US gross domestic product surged 5.7 per cent in the third quarter of the year, a revision from the previous estimate of 5.5 per cent - a figure already seen as a potential trigger of higher inflation.
The revision means the economy is growing at its fastest rate since the 5.9 per cent recorded in the last quarter of 1998. Consumer spending was revised up to 4.9 per cent from 4.6 per cent.
The data came a day after the Federal Reserve signalled it was prepared to raise rates early in the New Year, most likely at its first meeting in February.

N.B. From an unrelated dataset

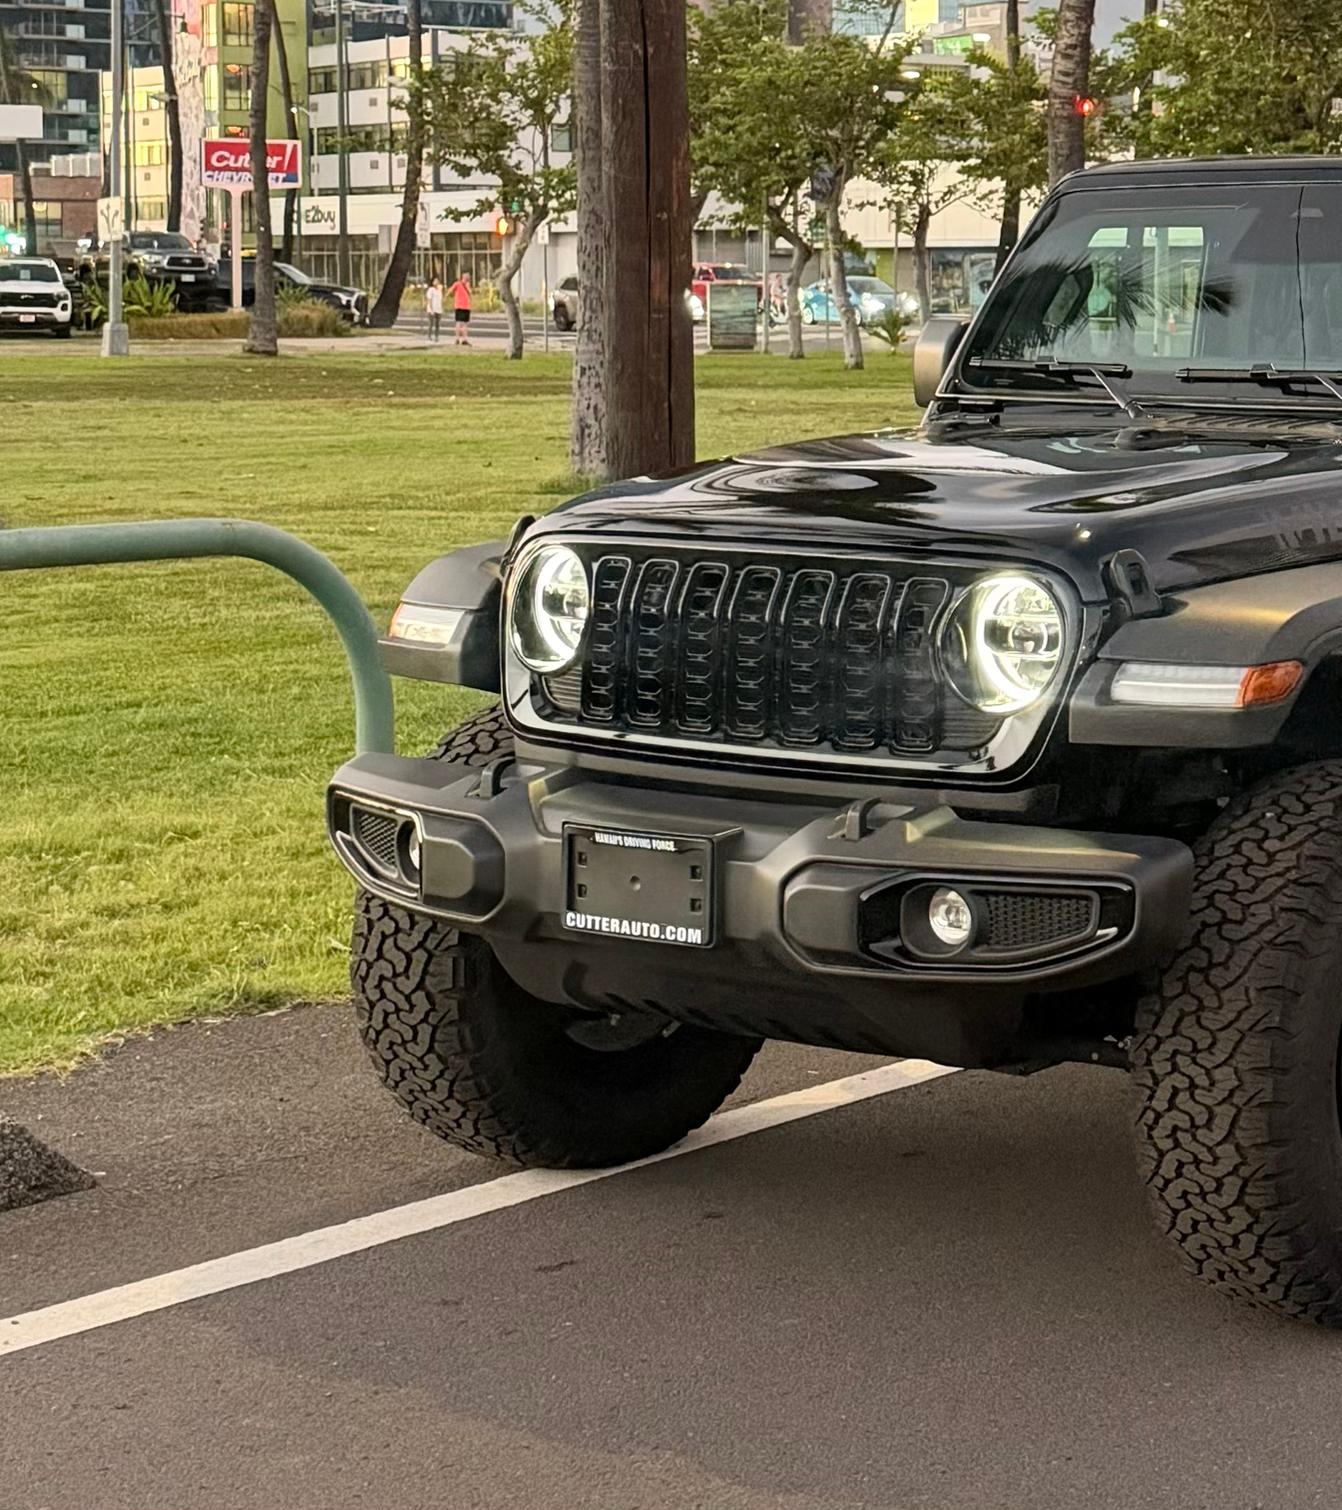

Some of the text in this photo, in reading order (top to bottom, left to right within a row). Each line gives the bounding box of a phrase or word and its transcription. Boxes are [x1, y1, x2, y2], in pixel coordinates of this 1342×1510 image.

[210, 151, 283, 168] Cuter
[205, 171, 287, 183] CHEVRET
[623, 835, 652, 850] DRIVING
[565, 911, 702, 945] CUTTERAUTO.COM

Christopher Low, chief economist at First Tennessee Capital Markets, said: "The upward revision to consumption was a reminder of what is driving this ... boom, and what has to change to satisfy the Fed."

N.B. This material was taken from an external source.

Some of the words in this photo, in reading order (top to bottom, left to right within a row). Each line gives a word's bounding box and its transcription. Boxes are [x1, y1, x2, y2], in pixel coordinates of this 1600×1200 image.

In its statement on Tuesday accompanying its decision to keep rates on hold at 5.5 per cent, the Fed warned that even the remarkable gains in worker productivity might not be enough to keep inflation under control.
Meanwhile there were fresh signs that rates in the European economic zone might also have to rise. German import prices rose at their highest rate in almost a decade on the back of strong oil prices while inflation in three German states rose. This indicates that figures for German inflation in December will show a rise from November's 1.0 per cent. Preliminary figures are published tomorrow.
Harald Finger, an economist at Deutsche Bank, said the data pointed to rising inflation and GDP. "That's going to put the European Central Bank on guard. We expect an interest rate hike of 25 basis points in the spring of 2000."